GIVEN INFORMATION START
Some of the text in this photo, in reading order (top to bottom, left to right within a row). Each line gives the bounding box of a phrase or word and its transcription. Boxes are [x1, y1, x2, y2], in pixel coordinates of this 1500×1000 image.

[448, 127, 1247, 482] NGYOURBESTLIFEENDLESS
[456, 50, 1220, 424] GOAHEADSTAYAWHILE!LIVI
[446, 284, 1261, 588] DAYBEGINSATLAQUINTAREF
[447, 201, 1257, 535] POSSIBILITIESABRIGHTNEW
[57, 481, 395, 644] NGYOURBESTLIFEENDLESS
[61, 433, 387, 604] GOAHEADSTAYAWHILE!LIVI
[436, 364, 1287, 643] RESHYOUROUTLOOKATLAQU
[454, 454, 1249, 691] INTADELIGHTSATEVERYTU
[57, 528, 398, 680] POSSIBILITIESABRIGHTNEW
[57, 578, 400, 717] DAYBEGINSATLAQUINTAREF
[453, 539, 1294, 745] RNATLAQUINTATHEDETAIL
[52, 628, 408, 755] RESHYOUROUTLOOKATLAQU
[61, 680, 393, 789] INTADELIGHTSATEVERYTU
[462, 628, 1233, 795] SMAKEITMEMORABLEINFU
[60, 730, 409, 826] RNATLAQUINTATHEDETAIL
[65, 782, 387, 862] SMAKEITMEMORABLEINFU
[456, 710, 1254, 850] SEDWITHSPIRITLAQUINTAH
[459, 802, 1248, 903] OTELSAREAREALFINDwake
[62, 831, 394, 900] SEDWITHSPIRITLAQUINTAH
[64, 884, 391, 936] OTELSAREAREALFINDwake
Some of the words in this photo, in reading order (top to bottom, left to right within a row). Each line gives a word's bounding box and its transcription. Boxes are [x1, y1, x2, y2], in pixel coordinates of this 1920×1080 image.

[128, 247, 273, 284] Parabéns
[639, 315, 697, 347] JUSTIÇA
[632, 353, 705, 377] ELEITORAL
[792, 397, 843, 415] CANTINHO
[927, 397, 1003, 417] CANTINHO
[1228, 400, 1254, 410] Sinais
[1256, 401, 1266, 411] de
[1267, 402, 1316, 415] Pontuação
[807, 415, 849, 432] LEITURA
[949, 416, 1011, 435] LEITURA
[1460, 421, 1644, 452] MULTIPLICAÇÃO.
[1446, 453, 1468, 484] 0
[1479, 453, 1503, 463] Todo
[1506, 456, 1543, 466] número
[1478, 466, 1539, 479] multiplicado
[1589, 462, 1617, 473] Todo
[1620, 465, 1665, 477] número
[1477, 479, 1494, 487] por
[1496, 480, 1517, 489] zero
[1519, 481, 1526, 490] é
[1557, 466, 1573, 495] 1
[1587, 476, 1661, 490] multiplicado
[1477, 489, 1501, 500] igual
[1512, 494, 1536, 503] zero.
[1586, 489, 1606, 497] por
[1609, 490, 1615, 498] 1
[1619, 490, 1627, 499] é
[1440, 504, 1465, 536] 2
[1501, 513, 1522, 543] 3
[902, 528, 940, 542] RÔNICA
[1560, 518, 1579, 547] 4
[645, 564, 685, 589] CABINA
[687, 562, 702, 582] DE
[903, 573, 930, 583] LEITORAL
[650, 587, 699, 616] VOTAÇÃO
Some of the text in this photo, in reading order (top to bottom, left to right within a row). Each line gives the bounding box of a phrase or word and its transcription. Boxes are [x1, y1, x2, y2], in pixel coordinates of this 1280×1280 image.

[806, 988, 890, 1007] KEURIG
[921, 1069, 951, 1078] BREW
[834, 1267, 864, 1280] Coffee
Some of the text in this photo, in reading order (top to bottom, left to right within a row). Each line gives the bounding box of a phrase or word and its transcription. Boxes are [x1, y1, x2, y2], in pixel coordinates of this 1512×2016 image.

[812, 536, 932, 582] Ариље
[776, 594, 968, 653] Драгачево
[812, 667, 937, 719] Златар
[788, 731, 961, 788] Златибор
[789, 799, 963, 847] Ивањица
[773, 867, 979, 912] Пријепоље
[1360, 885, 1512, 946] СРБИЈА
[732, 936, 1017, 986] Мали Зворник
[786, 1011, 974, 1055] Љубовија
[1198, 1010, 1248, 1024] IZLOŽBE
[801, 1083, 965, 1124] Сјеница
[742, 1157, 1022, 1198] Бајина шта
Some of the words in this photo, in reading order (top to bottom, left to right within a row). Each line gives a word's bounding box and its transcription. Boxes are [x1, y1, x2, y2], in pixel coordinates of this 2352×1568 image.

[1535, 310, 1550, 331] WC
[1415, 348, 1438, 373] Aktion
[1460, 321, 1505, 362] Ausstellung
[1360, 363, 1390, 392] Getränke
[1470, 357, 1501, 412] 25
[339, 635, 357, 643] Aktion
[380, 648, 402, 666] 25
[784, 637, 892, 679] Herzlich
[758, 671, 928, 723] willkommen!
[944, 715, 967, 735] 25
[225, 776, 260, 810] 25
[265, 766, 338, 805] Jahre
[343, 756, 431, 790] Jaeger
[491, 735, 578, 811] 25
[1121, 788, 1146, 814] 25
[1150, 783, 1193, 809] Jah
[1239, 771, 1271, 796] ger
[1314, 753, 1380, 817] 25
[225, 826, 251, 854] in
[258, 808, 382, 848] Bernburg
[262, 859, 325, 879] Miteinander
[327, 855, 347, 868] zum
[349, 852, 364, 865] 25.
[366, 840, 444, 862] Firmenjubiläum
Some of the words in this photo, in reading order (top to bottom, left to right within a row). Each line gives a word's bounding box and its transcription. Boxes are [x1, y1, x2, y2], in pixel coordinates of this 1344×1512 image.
GIVEN INFORMATION END
Word for word, transcribe each of the entries above.

Some of the text in this photo, in reading order (top to bottom, left to right within a row). Each line gives the bounding box of a phrase or word and its transcription. Boxes are [x1, y1, x2, y2], in pixel coordinates of this 1500×1000 image.

[448, 127, 1247, 482] NGYOURBESTLIFEENDLESS
[456, 50, 1220, 424] GOAHEADSTAYAWHILE!LIVI
[446, 284, 1261, 588] DAYBEGINSATLAQUINTAREF
[447, 201, 1257, 535] POSSIBILITIESABRIGHTNEW
[57, 481, 395, 644] NGYOURBESTLIFEENDLESS
[61, 433, 387, 604] GOAHEADSTAYAWHILE!LIVI
[436, 364, 1287, 643] RESHYOUROUTLOOKATLAQU
[454, 454, 1249, 691] INTADELIGHTSATEVERYTU
[57, 528, 398, 680] POSSIBILITIESABRIGHTNEW
[57, 578, 400, 717] DAYBEGINSATLAQUINTAREF
[453, 539, 1294, 745] RNATLAQUINTATHEDETAIL
[52, 628, 408, 755] RESHYOUROUTLOOKATLAQU
[61, 680, 393, 789] INTADELIGHTSATEVERYTU
[462, 628, 1233, 795] SMAKEITMEMORABLEINFU
[60, 730, 409, 826] RNATLAQUINTATHEDETAIL
[65, 782, 387, 862] SMAKEITMEMORABLEINFU
[456, 710, 1254, 850] SEDWITHSPIRITLAQUINTAH
[459, 802, 1248, 903] OTELSAREAREALFINDwake
[62, 831, 394, 900] SEDWITHSPIRITLAQUINTAH
[64, 884, 391, 936] OTELSAREAREALFINDwake
Some of the words in this photo, in reading order (top to bottom, left to right within a row). Each line gives a word's bounding box and its transcription. Boxes are [x1, y1, x2, y2], in pixel coordinates of this 1920×1080 image.

[128, 247, 273, 284] Parabéns
[639, 315, 697, 347] JUSTIÇA
[632, 353, 705, 377] ELEITORAL
[792, 397, 843, 415] CANTINHO
[927, 397, 1003, 417] CANTINHO
[1228, 400, 1254, 410] Sinais
[1256, 401, 1266, 411] de
[1267, 402, 1316, 415] Pontuação
[807, 415, 849, 432] LEITURA
[949, 416, 1011, 435] LEITURA
[1460, 421, 1644, 452] MULTIPLICAÇÃO.
[1446, 453, 1468, 484] 0
[1479, 453, 1503, 463] Todo
[1506, 456, 1543, 466] número
[1478, 466, 1539, 479] multiplicado
[1589, 462, 1617, 473] Todo
[1620, 465, 1665, 477] número
[1477, 479, 1494, 487] por
[1496, 480, 1517, 489] zero
[1519, 481, 1526, 490] é
[1557, 466, 1573, 495] 1
[1587, 476, 1661, 490] multiplicado
[1477, 489, 1501, 500] igual
[1512, 494, 1536, 503] zero.
[1586, 489, 1606, 497] por
[1609, 490, 1615, 498] 1
[1619, 490, 1627, 499] é
[1440, 504, 1465, 536] 2
[1501, 513, 1522, 543] 3
[902, 528, 940, 542] RÔNICA
[1560, 518, 1579, 547] 4
[645, 564, 685, 589] CABINA
[687, 562, 702, 582] DE
[903, 573, 930, 583] LEITORAL
[650, 587, 699, 616] VOTAÇÃO
Some of the text in this photo, in reading order (top to bottom, left to right within a row). Each line gives the bounding box of a phrase or word and its transcription. Boxes are [x1, y1, x2, y2], in pixel coordinates of this 1280×1280 image.

[806, 988, 890, 1007] KEURIG
[921, 1069, 951, 1078] BREW
[834, 1267, 864, 1280] Coffee
Some of the text in this photo, in reading order (top to bottom, left to right within a row). Each line gives the bounding box of a phrase or word and its transcription. Boxes are [x1, y1, x2, y2], in pixel coordinates of this 1512×2016 image.

[812, 536, 932, 582] Ариље
[776, 594, 968, 653] Драгачево
[812, 667, 937, 719] Златар
[788, 731, 961, 788] Златибор
[789, 799, 963, 847] Ивањица
[773, 867, 979, 912] Пријепоље
[1360, 885, 1512, 946] СРБИЈА
[732, 936, 1017, 986] Мали Зворник
[786, 1011, 974, 1055] Љубовија
[1198, 1010, 1248, 1024] IZLOŽBE
[801, 1083, 965, 1124] Сјеница
[742, 1157, 1022, 1198] Бајина шта
Some of the words in this photo, in reading order (top to bottom, left to right within a row). Each line gives a word's bounding box and its transcription. Boxes are [x1, y1, x2, y2], in pixel coordinates of this 2352×1568 image.

[1535, 310, 1550, 331] WC
[1415, 348, 1438, 373] Aktion
[1460, 321, 1505, 362] Ausstellung
[1360, 363, 1390, 392] Getränke
[1470, 357, 1501, 412] 25
[339, 635, 357, 643] Aktion
[380, 648, 402, 666] 25
[784, 637, 892, 679] Herzlich
[758, 671, 928, 723] willkommen!
[944, 715, 967, 735] 25
[225, 776, 260, 810] 25
[265, 766, 338, 805] Jahre
[343, 756, 431, 790] Jaeger
[491, 735, 578, 811] 25
[1121, 788, 1146, 814] 25
[1150, 783, 1193, 809] Jah
[1239, 771, 1271, 796] ger
[1314, 753, 1380, 817] 25
[225, 826, 251, 854] in
[258, 808, 382, 848] Bernburg
[262, 859, 325, 879] Miteinander
[327, 855, 347, 868] zum
[349, 852, 364, 865] 25.
[366, 840, 444, 862] Firmenjubiläum
Some of the words in this photo, in reading order (top to bottom, left to right within a row). Each line gives a word's bounding box and its transcription. Boxes are [x1, y1, x2, y2], in pixel coordinates of this 1344×1512 image.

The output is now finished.